HTC has also reconfigured the lock screen. Rather than the circular Jelly Bean look, the Droid DNA has a silver ring that's dragged upward to unlock the phone. To jump directly into a dock app, you just drag the icon of your choosing into the ring. The DNA's ample stats make all of this happen in an instant.
HTC's Sense 4+ is mostly inoffensive, but not helpful either. We prefer the simpler aesthetic of vanilla Jelly Bean. While its signature Widget provides useful info, we found it unreliable. Also, the fact that it can't be resized makes it feel a bit behind the times.
Still, HTC's goofy UI choices certainly aren't enough to drive away consumers, but begrudging and tech savvy users may end up rooting their DNA and removing it altogether.
Contacts and Calling
Importing your contacts to an Android phone has never been difficult. No matter what your preferred digital address book is, you can have all your familiar names and face on the Droid DNA by HTC in a matter of seconds.

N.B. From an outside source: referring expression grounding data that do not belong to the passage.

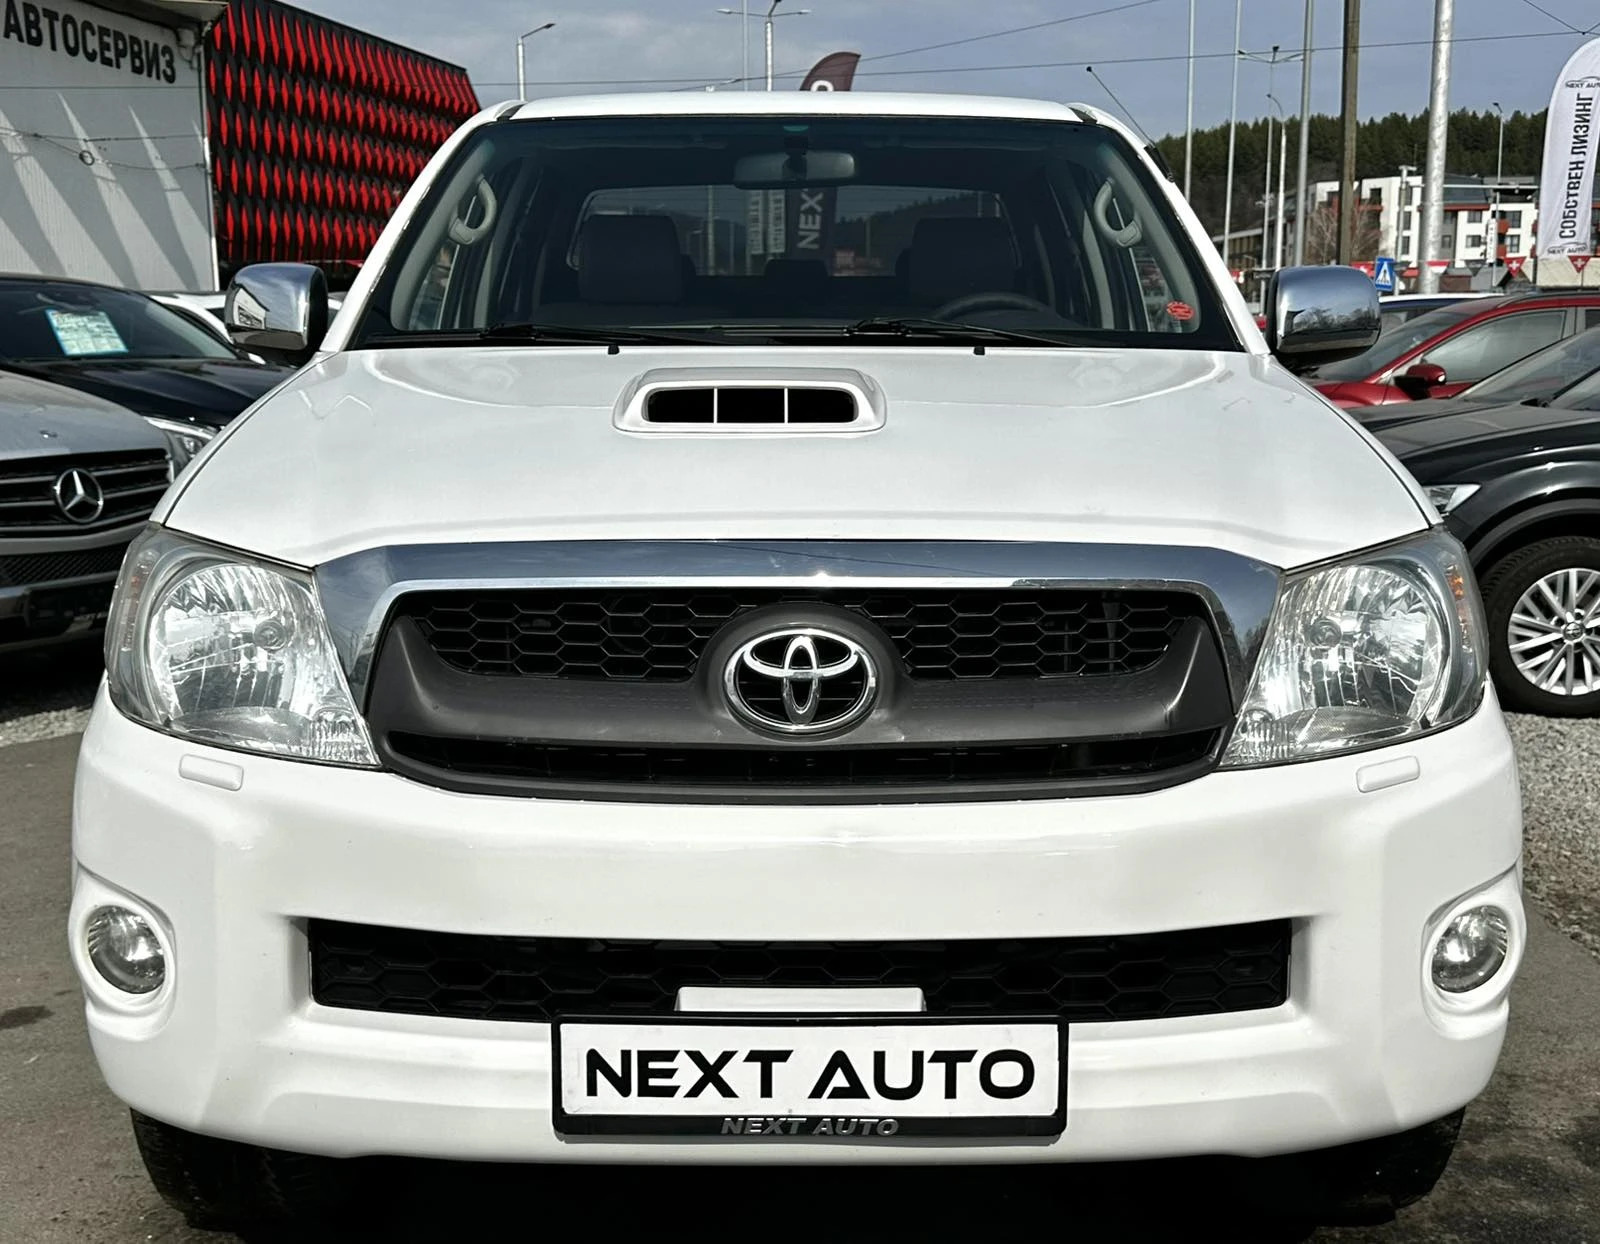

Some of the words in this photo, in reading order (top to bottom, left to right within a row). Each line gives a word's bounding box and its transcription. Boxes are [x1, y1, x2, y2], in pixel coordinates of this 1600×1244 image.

[3, 0, 176, 84] АВТОСЕРВИЗ
[1571, 93, 1593, 156] ЛИЗИНГ
[797, 188, 823, 249] NEX
[1559, 160, 1585, 238] СОБСТВЕН
[586, 1048, 794, 1098] NEXT
[808, 1049, 1035, 1100] AUTO
[721, 1117, 807, 1134] NEXT
[812, 1117, 899, 1135] AUTO

However, if you're a Gmail user, you'll find the process especially easy, to the point where we recommend making an account if, for nothing more, than for importing purposes.

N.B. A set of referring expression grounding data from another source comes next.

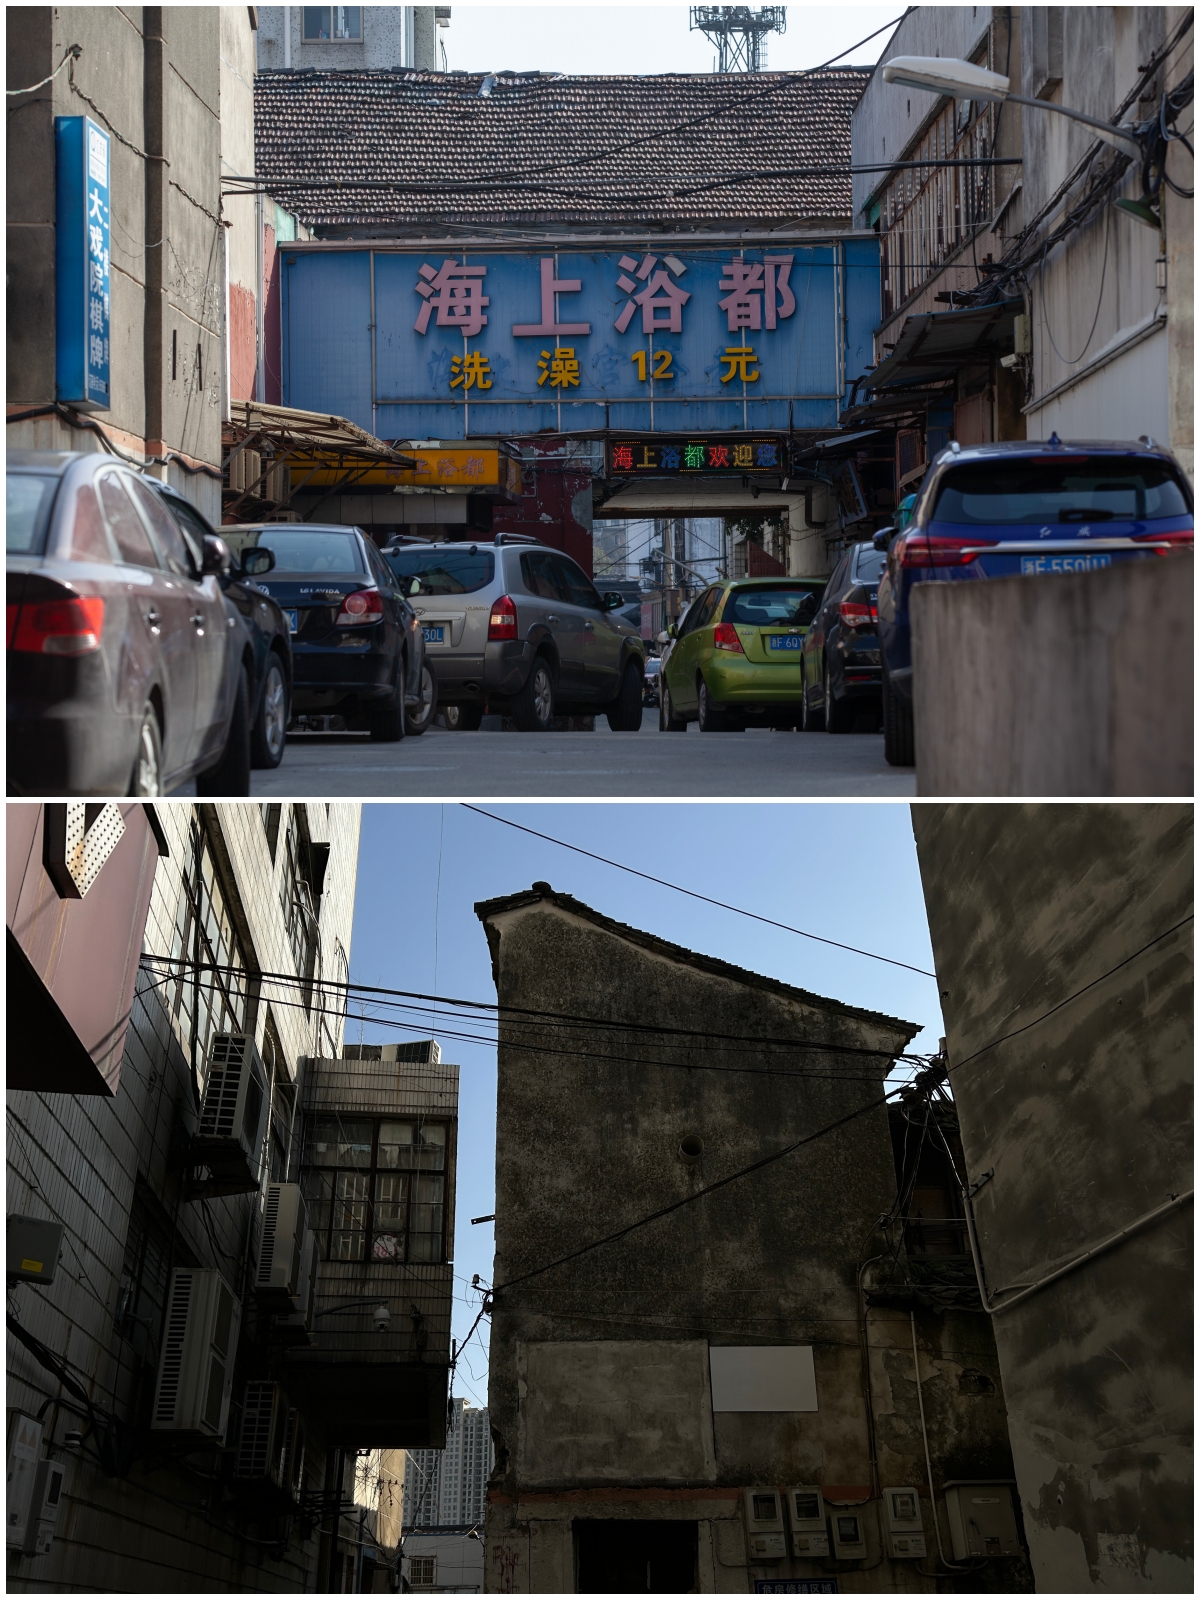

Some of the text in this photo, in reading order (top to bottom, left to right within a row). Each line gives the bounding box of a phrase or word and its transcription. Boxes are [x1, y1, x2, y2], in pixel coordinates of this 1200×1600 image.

[89, 187, 103, 370] 大戏院棋牌
[413, 254, 796, 337] 海上浴都
[449, 346, 760, 390] 洗澡12元
[612, 444, 778, 470] 海上浴都欢迎您
[309, 587, 341, 595] LAVIDA
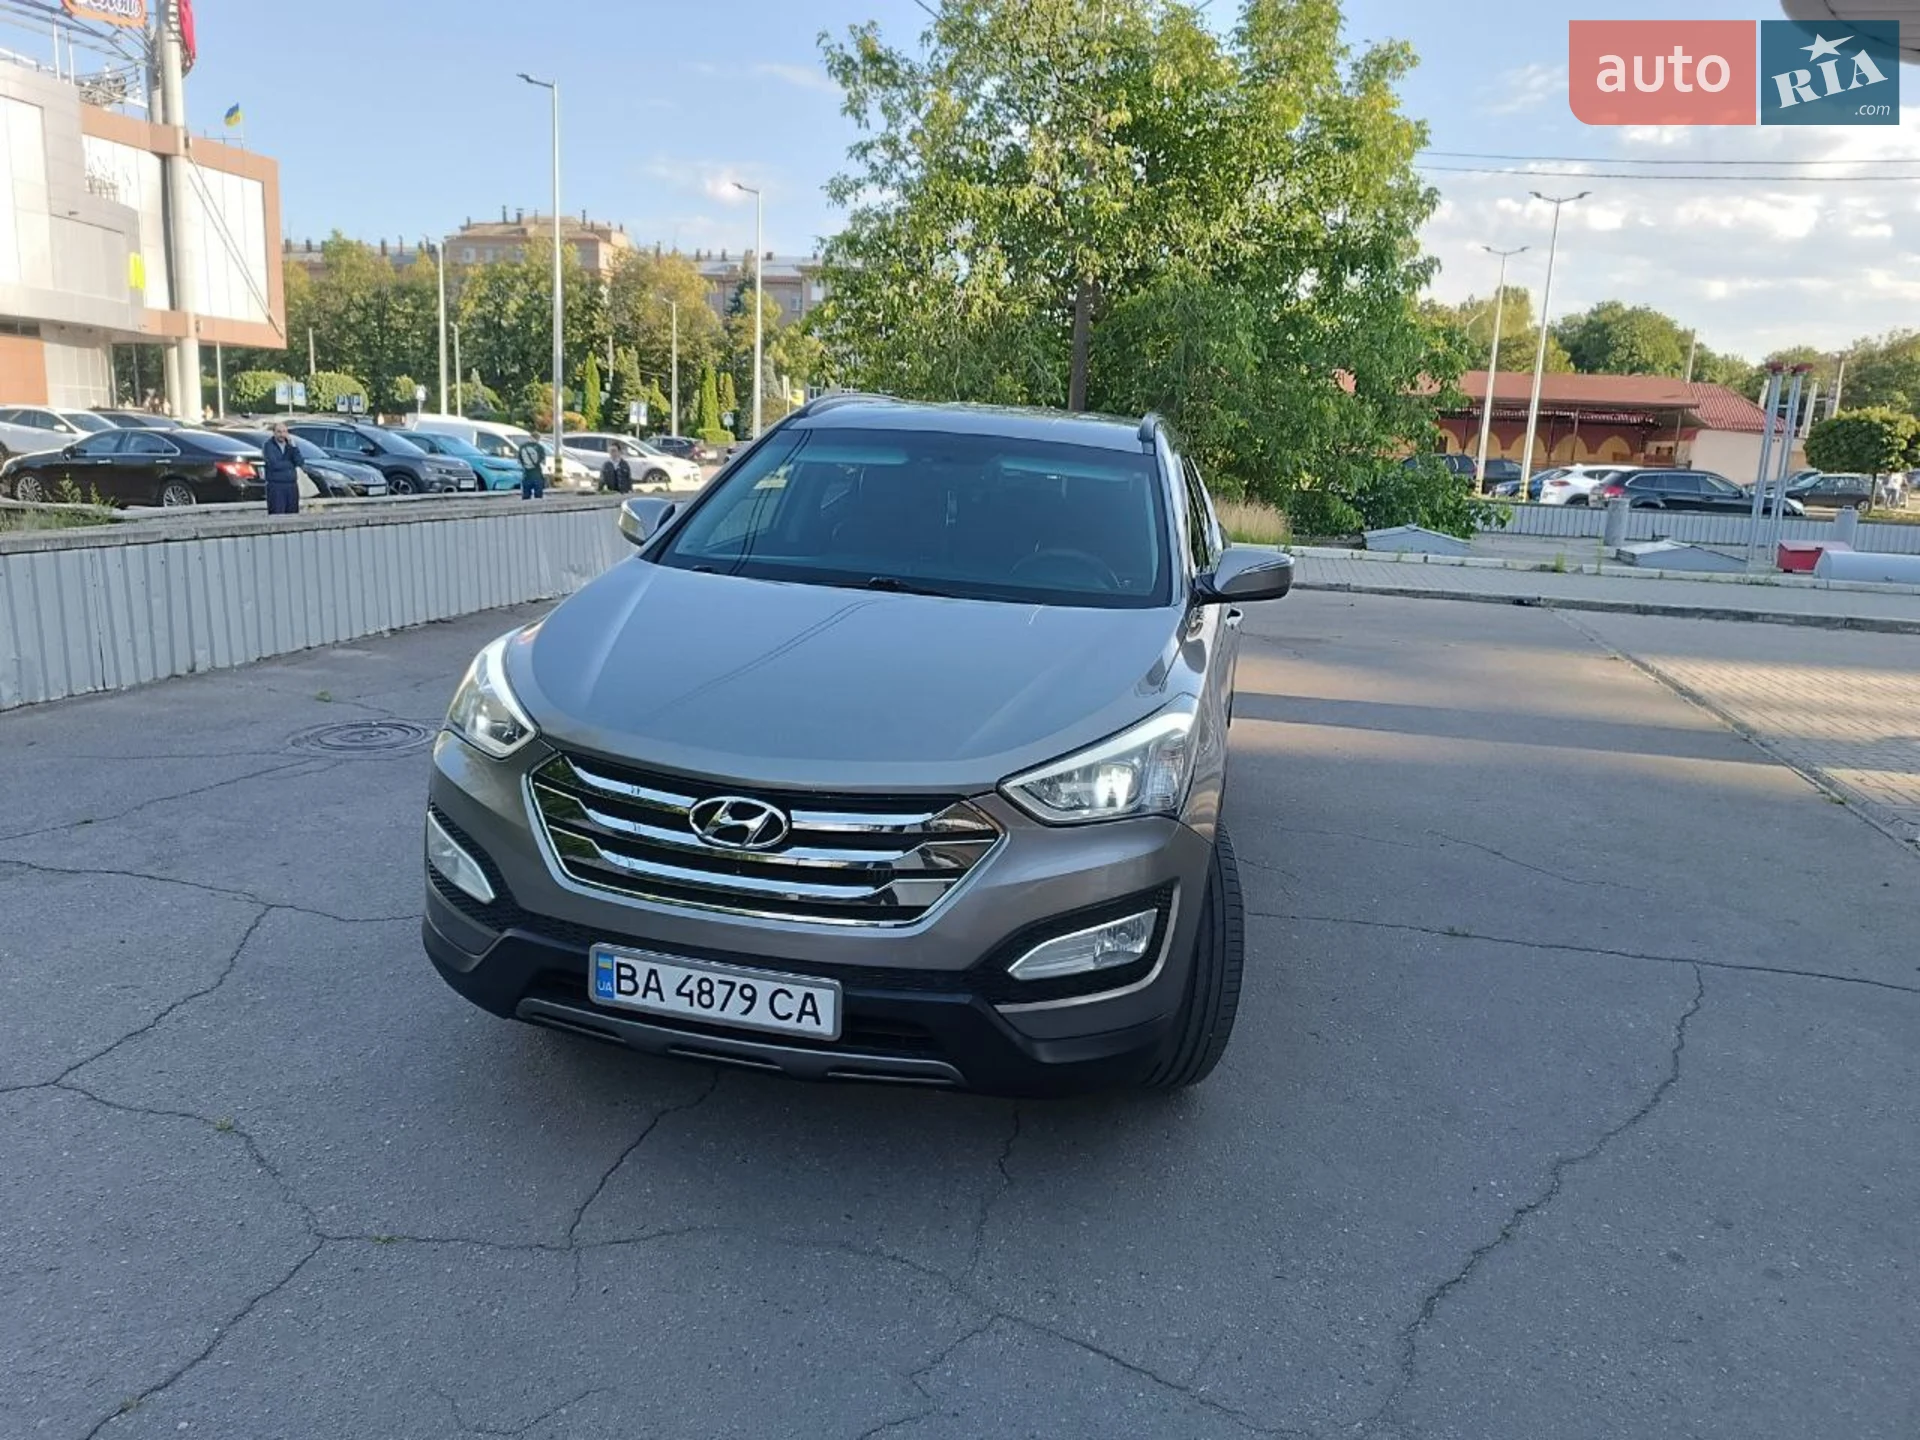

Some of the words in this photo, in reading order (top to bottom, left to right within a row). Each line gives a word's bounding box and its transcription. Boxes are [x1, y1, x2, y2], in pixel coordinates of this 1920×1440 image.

[597, 980, 613, 992] UA
[615, 961, 665, 1003] BA
[675, 974, 758, 1017] 4879
[768, 988, 822, 1026] CA

The People app is the primary home for all your friends and their phone numbers. Of course, this isn't the only way to jump into your address book. It's also accessible from any app that would need such info, such as Phone, Messages and Email.
Contacts can also be imported and synced with Facebook and Google Plus. Your friend's social network profile pictures add some life to the People page. This method also retrieves whatever new contact info your friends might provide online, such as email address and phone numbers.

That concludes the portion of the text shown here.